The sculpture has always been very depressing to me. The sculpture is supposed to be part of a rotating piece of art, but it has been with us now for five years? During the COVID-19 pandemic, I thought about dropping a fire cracker in its’ mouth. But then I thought that some folks may like the open, gaping mouth.
Was Willow Man designed to look like it was trying to talk? The gaping mouth must have been designed to catch all the blowing snow that it seems to be choking on.
I think I’m relegated to look at “it” about 120 times a month. I thought that a buffalo might be nice there, made out of all the scrap steel laying around here. Or maybe a giant cowboy hat made out of cowboy hats? What a concept. I think a big owl would be nice.
I can’t be the only person in town who feels the same way, and I think the gaping mouth is saying, “Enough!”
Susan Green
Laramie
Tax break discriminates against renters
Do you rent your home? If so, the Wyoming Legislature may be a few days away from passing a bill that discriminates against you, providing tax breaks to homeowners but not to renters.
Many Wyoming residents have complained that inflation has left them with escalating, sometimes unaffordable property tax bills, and have asked the Legislature to grant them tax relief. Some of the bills cap tax increases from year to year; others completely exempt a portion of the property’s value from taxation. However, all the legislation now under consideration would ease property taxes only for homeowners, providing no relief — direct or indirectly through their landlords — to tenants whose rents continue to escalate by similar amounts.
If not ruled unconstitutional (the Wyoming Constitution requires that taxation be “equal and uniform”), this could have a devastating effect on Wyoming’s workforce and economy. Companies that are considering moving to our state, or opening branches here, would find it difficult to recruit or relocate entry level employees.

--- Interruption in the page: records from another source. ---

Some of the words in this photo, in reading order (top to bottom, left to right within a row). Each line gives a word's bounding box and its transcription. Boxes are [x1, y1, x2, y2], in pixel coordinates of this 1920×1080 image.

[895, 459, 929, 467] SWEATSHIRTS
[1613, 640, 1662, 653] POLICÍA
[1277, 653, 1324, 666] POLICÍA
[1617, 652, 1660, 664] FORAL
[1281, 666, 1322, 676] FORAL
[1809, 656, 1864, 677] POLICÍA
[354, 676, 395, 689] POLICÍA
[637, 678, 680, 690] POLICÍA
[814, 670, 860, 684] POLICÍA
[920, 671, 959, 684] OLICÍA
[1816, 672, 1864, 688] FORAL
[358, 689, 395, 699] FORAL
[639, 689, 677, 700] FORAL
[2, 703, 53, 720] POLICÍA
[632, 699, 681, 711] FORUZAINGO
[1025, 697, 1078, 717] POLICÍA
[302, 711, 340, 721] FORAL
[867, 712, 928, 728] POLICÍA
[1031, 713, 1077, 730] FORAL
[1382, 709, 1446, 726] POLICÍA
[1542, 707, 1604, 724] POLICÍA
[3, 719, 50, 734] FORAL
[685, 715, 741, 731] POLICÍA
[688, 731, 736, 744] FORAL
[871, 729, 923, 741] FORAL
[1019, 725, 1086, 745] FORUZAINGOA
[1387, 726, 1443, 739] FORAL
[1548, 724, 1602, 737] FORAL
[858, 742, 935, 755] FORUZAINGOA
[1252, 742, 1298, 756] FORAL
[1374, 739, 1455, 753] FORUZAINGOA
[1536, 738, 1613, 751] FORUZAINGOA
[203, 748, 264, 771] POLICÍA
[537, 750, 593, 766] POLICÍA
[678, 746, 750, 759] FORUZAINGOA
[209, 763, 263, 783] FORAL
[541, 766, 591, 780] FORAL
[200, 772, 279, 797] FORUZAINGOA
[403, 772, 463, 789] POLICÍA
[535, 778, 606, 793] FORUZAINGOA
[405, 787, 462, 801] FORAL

Graduating UW students would have a strong incentive to leave the state as they start their careers, only considering returning if they are ready to buy (and perhaps not doing so even then). And worthy long-term Wyoming residents who happen to rent — including the elderly, who may have sold the family home and relocated to a rental — would be hit hard by this discriminatory taxation.

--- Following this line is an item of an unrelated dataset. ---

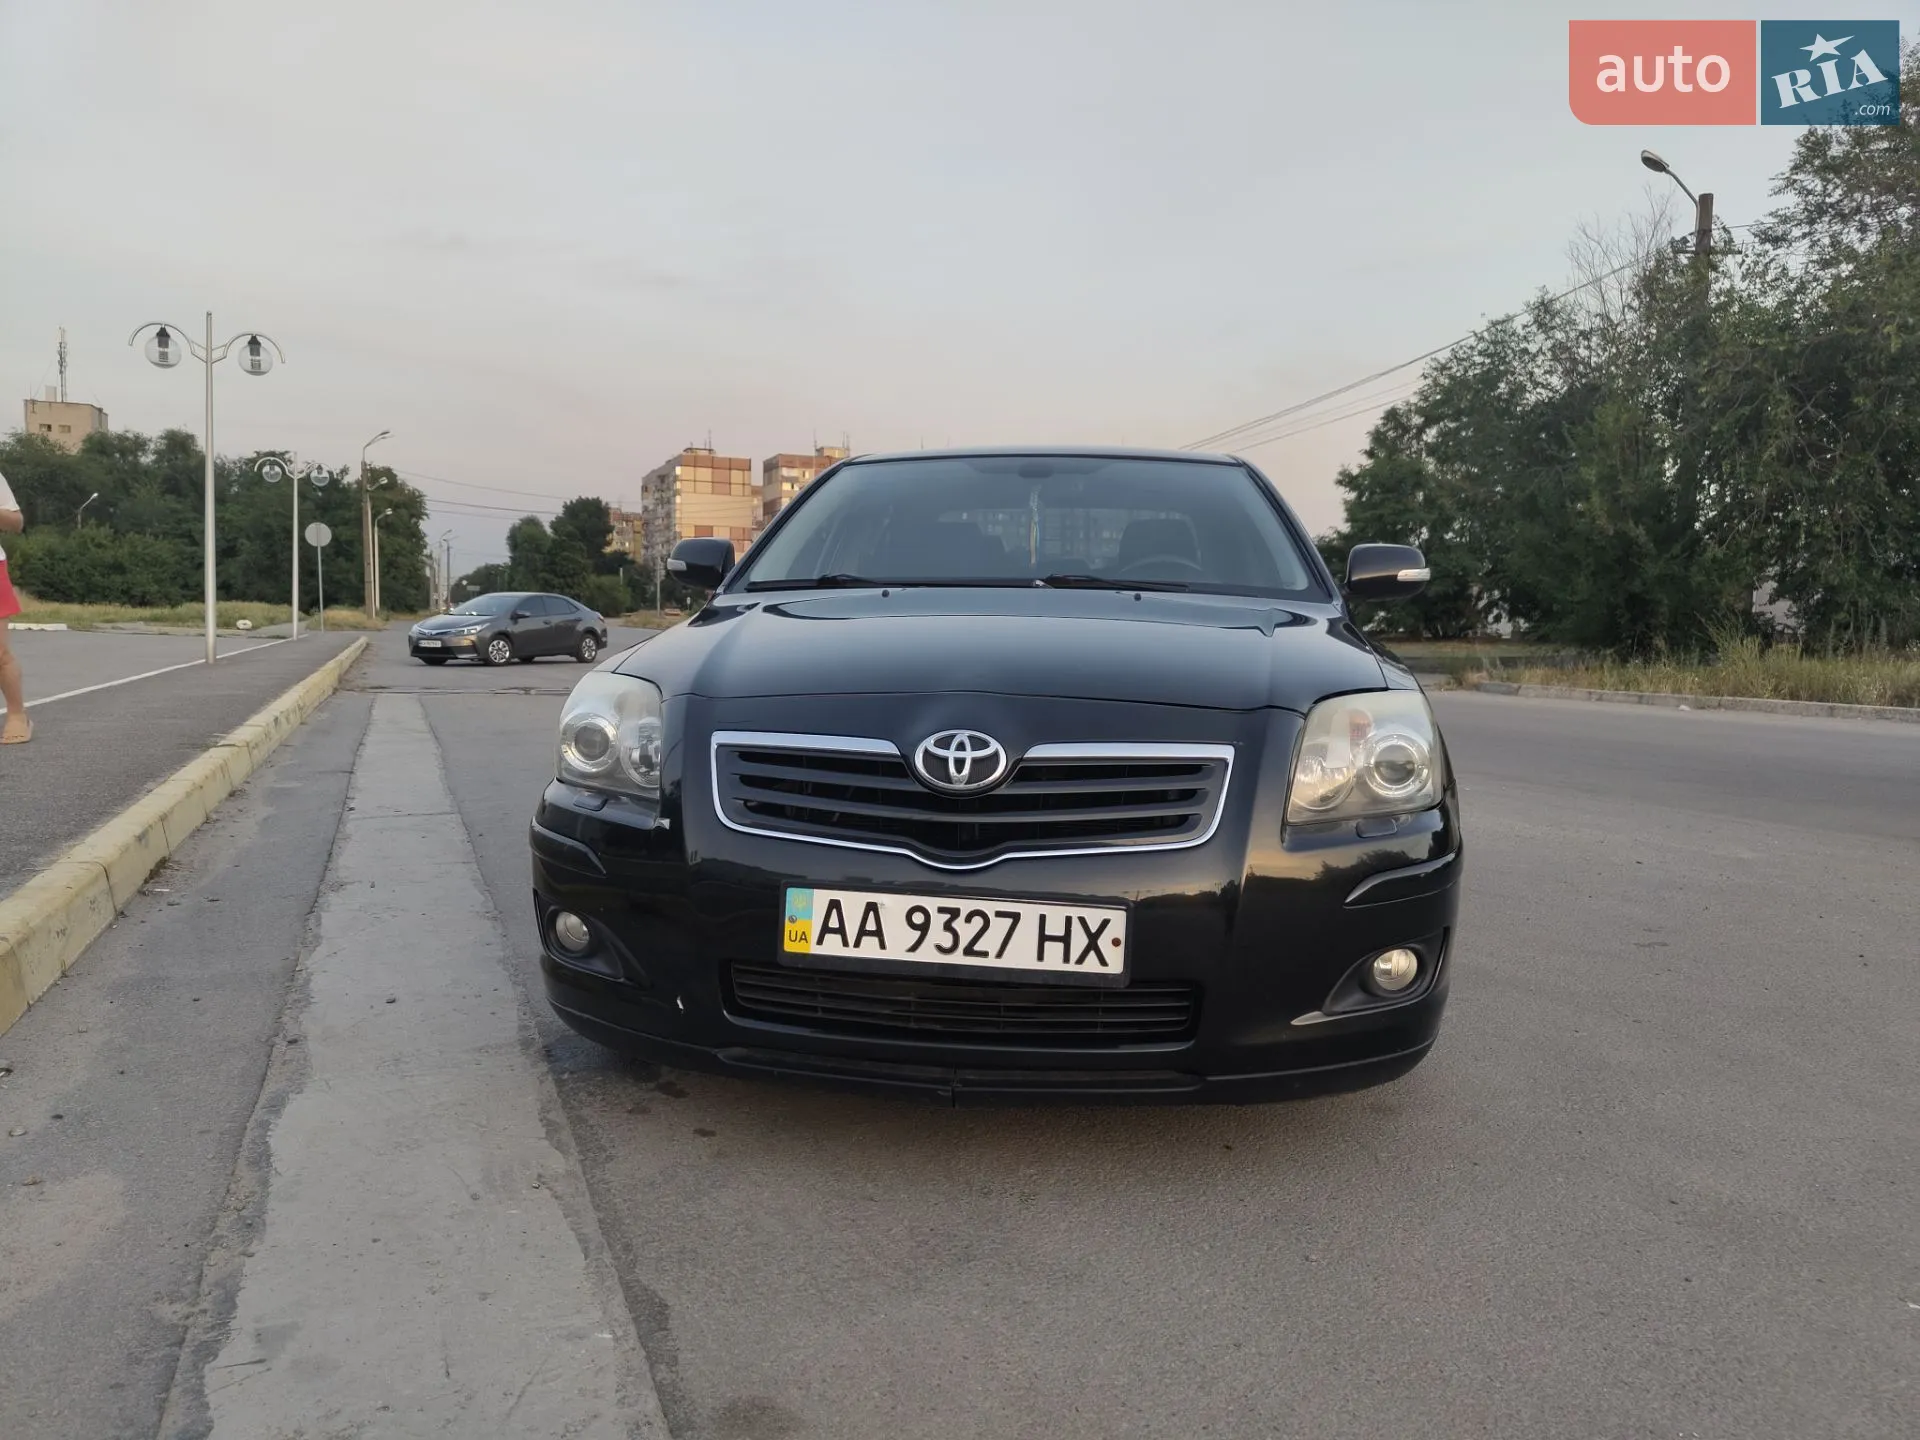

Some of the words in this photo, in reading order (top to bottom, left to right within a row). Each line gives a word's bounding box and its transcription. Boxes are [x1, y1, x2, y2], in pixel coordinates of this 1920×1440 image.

Renters concerned about this — and all should be — must contact their legislators this week if they wish to be heard on this issue. This can be done by going online to wyoleg.gov/legislators and finding your legislators’ contact e-mail addresses and phone numbers. Only by speaking up in the next few days will it be likely to receive any consideration by legislators, few if any of whom are renters.
Brett Glass
Laramie
UW Lab School also needs attention for its facilities
As the Wyoming Legislature debates the building of new schools and the upgrading of others, the University of Wyoming Lab School never appears on the Wyoming School Facilities Select Committee’s list.
The UW Lab School has to be second only to Arp Elementary School in terms of infrastructure needs. My grandchildren attend the UW Lab School and the whole structure is falling down around their ears.

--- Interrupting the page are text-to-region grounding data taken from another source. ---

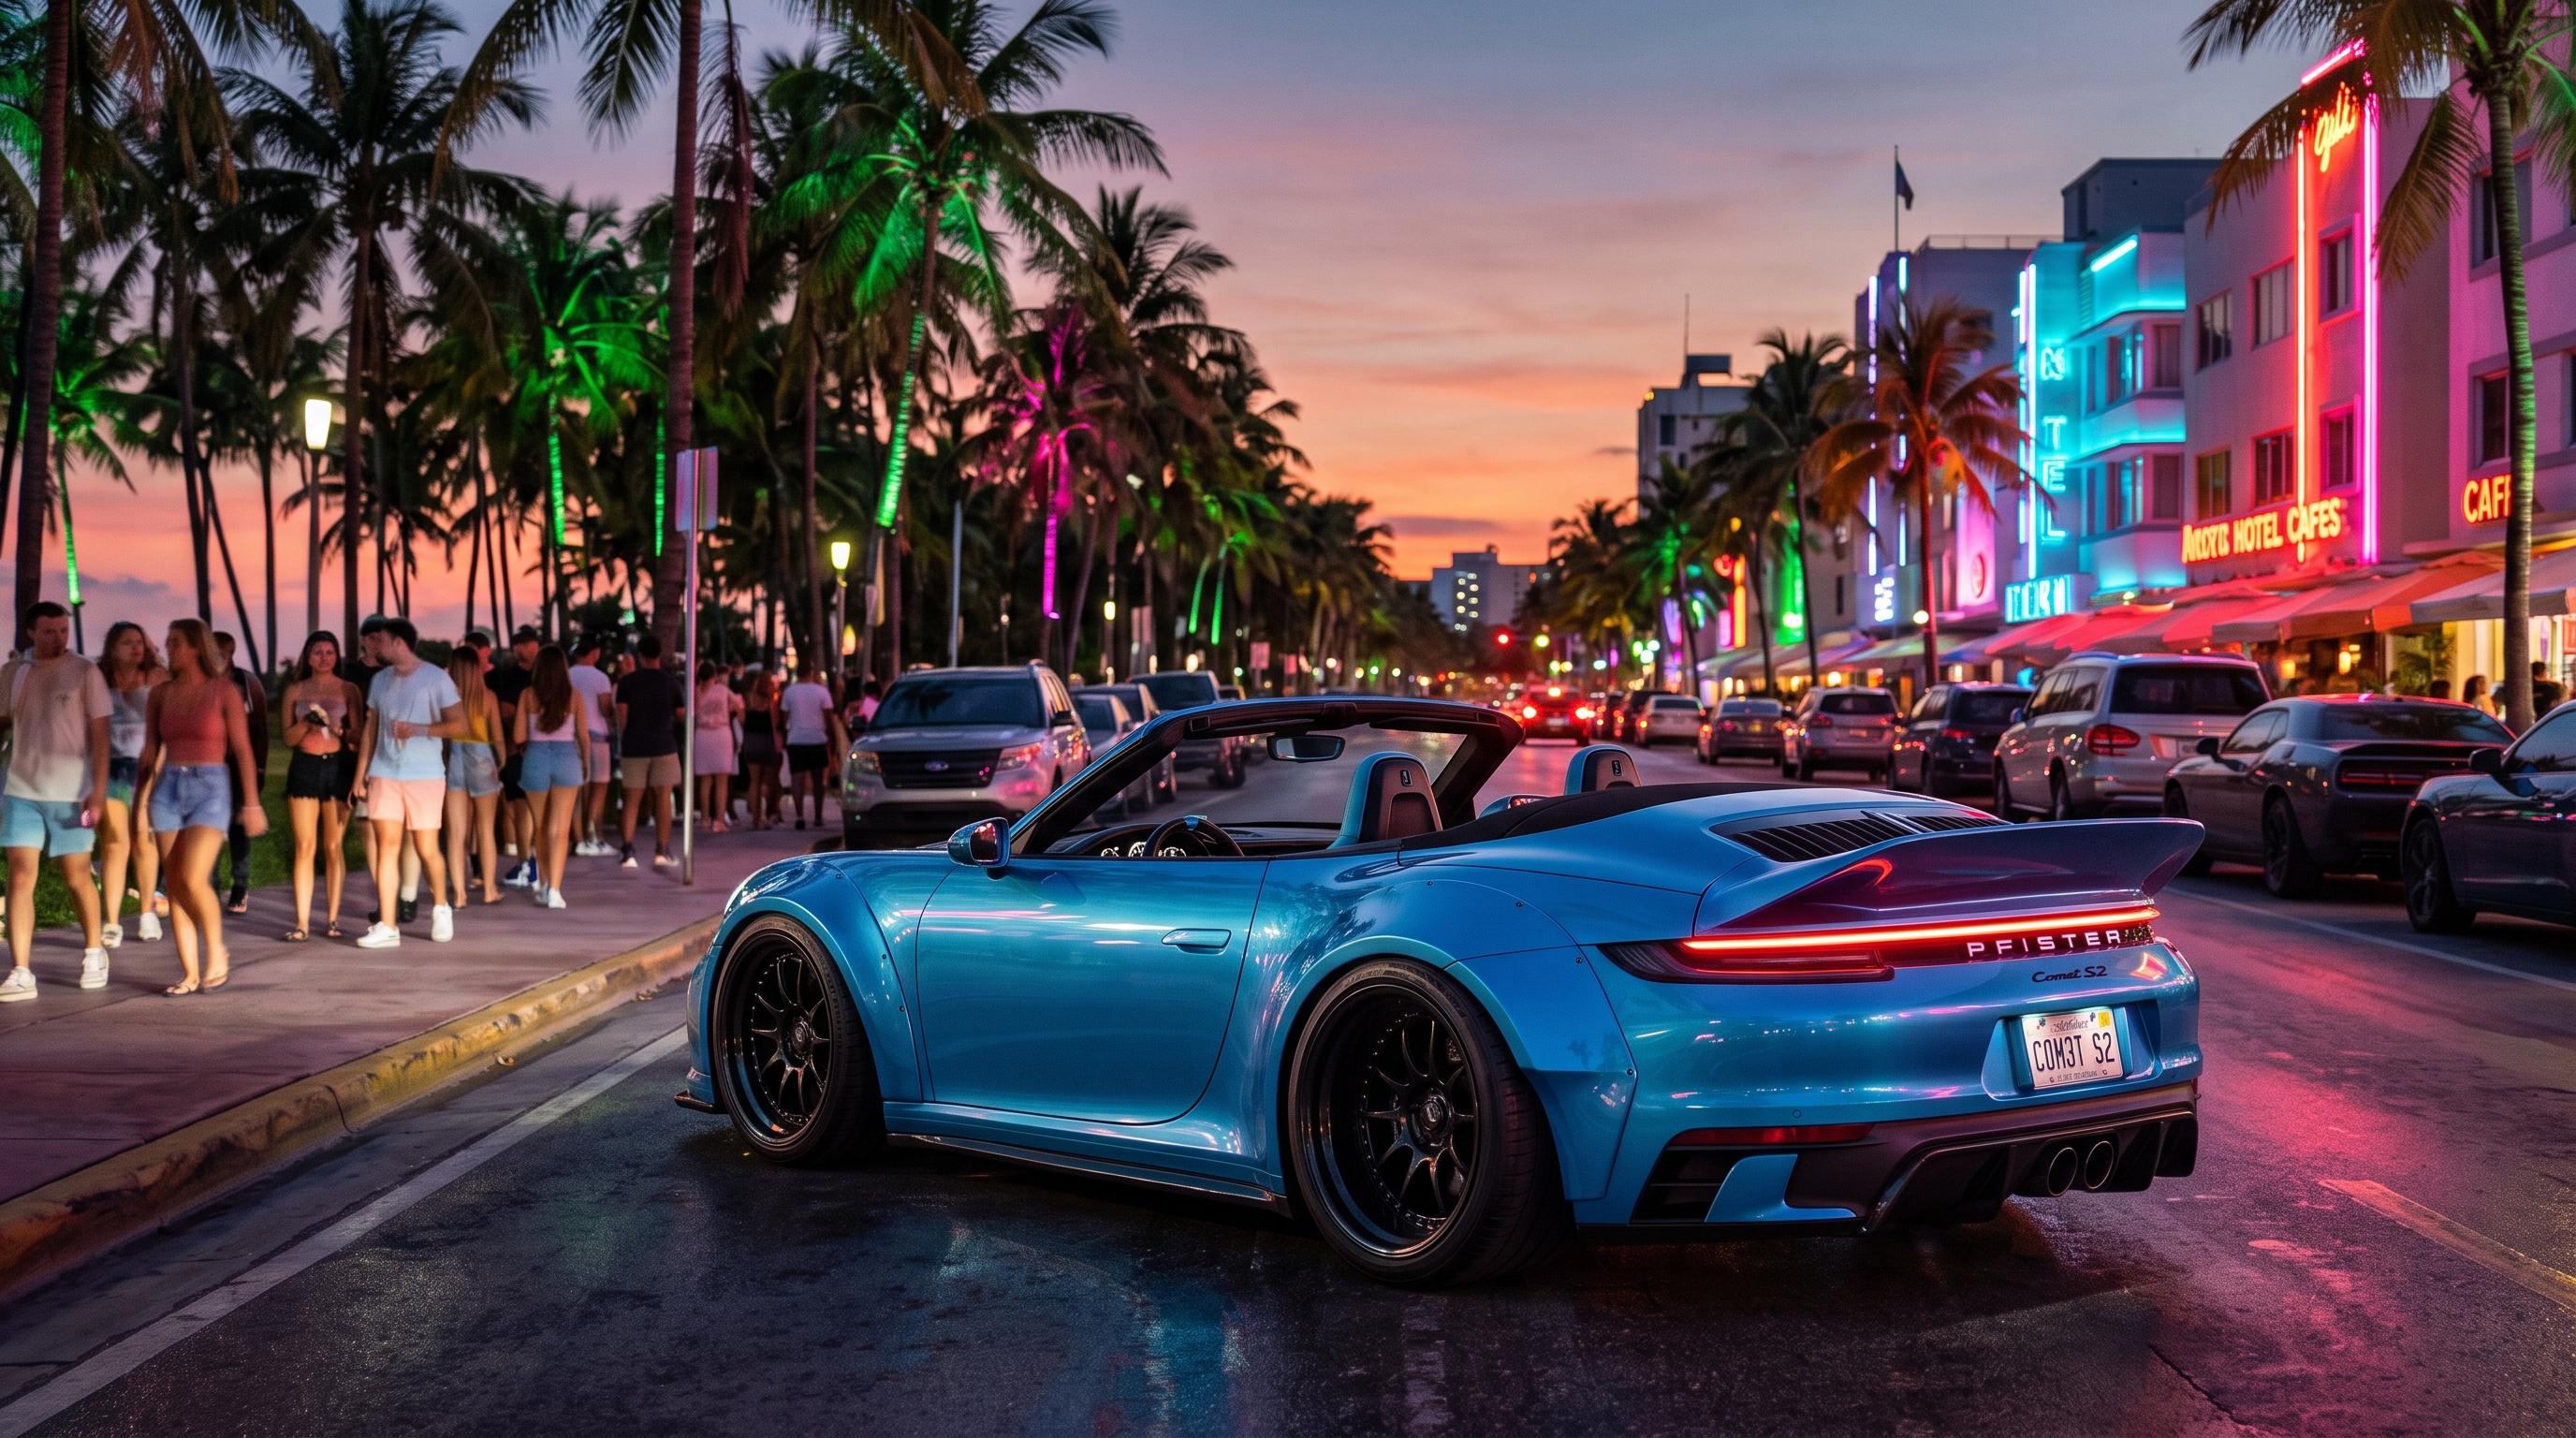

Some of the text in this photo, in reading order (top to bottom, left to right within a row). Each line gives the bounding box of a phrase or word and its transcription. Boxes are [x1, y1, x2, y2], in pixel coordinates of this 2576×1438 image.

[2232, 511, 2284, 554] HOTEL
[2287, 497, 2341, 543] CAFES
[1967, 930, 2121, 957] PFISTER
[2032, 965, 2108, 983] Comet S2
[2033, 1032, 2115, 1072] COM3T S2

The kids tell me there are parts of the school they’re not allowed to enter because of the exposed asbestos. Cracked tiles and deteriorating stairs, damage in the gym that’s never been repaired, broken wall panels, ancient bathrooms, years of deferred maintenance. The school is so old it’s impossible to keep clean, despite maintenance staff’s best efforts.
We pepper the school district and the school facilities committee steadily as to why the UW Lab School is not on this list. We get a number of different answers, including a lack of agreement about who is responsible between the department of education and the University of Wyoming or the cost of remodeling is too high.
My grandson plays basketball for the school and we travel all around the region to various schools for his games. The contrast is shocking how well-appointed, modern, updated and conducive to a good education Laramie Middle School, Carey, Johnson, McCormick junior high schools in Cheyenne, and Rock River are. Parents of visiting teams to UW Lab School invariably comment on the poor condition of the school.
While the UW Lab School is an excellent institution of learning with innovative approaches to education, it is far below par in terms of a physical learning environment. Don’t UW Lab School students deserve to have the same adequate, safe, clean and modern learning environment as other Wyoming students?
As I sit in during Albany County School District 1 board meetings, it’s apparent the UW Lab School isn’t on its radar, either. Maybe a lawsuit is needed? Certainly a new school building is required even if it must be located well off campus.